About this task>
Repeat every record exactly as written, but leave out the pictures.

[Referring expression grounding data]
——————————

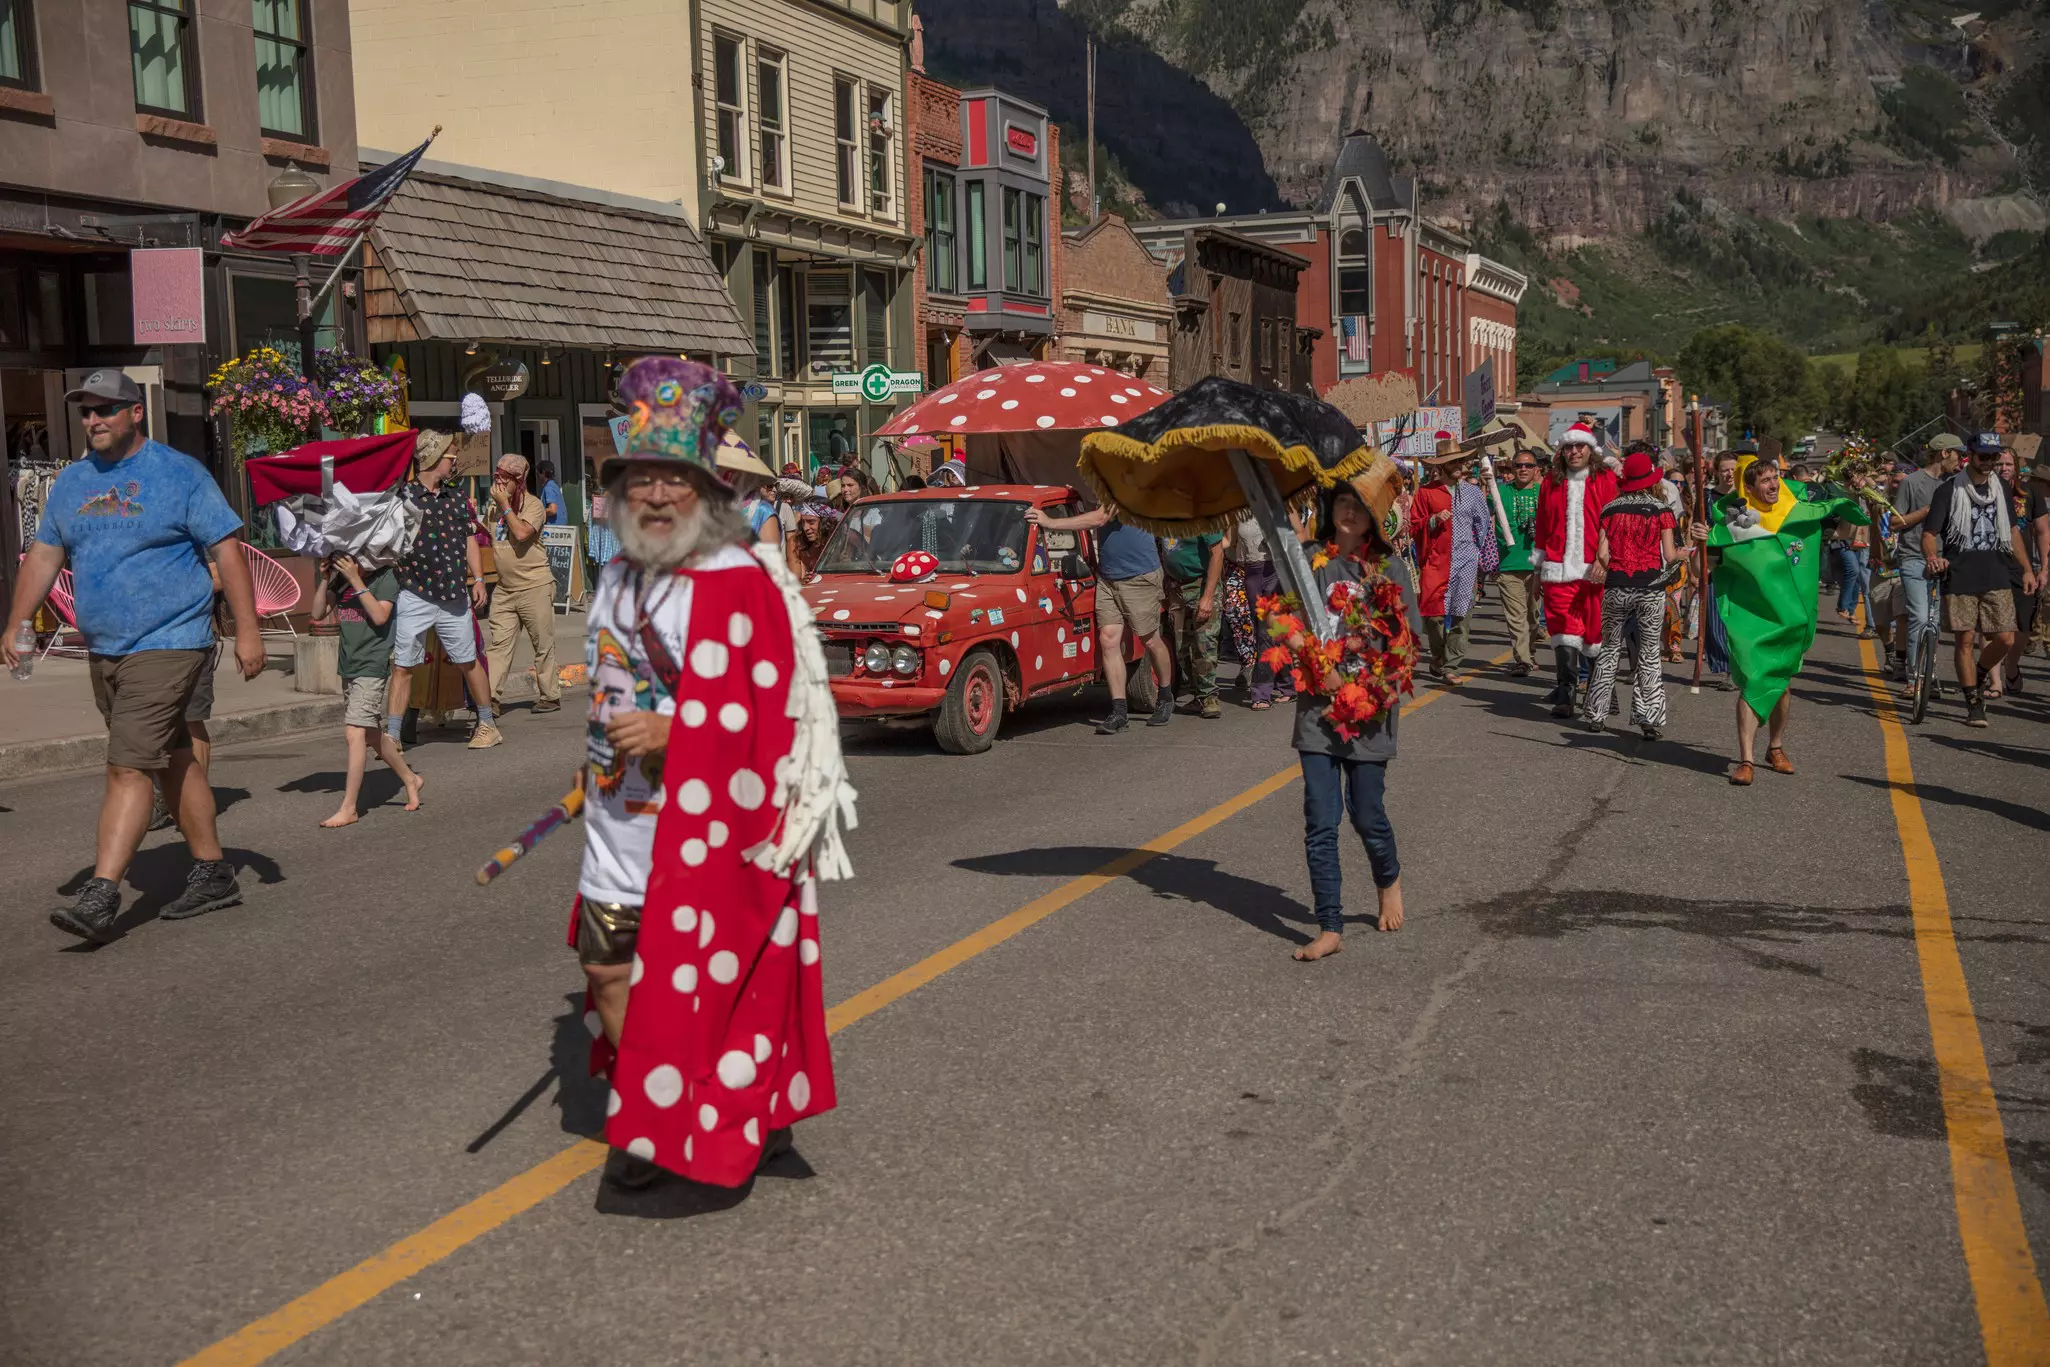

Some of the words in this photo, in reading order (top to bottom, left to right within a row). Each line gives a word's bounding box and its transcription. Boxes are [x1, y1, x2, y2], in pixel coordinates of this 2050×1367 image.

[138, 319, 161, 335] two
[164, 316, 198, 334] skirts
[1105, 316, 1136, 336] BANK
[486, 375, 523, 383] TELLURIDE
[490, 384, 520, 392] ANGLER
[71, 521, 144, 533] TELLURIDE

——————————

Task solution>
Some of the words in this photo, in reading order (top to bottom, left to right within a row). Each line gives a word's bounding box and its transcription. Boxes are [x1, y1, x2, y2], in pixel coordinates of this 2050×1367 image.

[138, 319, 161, 335] two
[164, 316, 198, 334] skirts
[1105, 316, 1136, 336] BANK
[486, 375, 523, 383] TELLURIDE
[490, 384, 520, 392] ANGLER
[71, 521, 144, 533] TELLURIDE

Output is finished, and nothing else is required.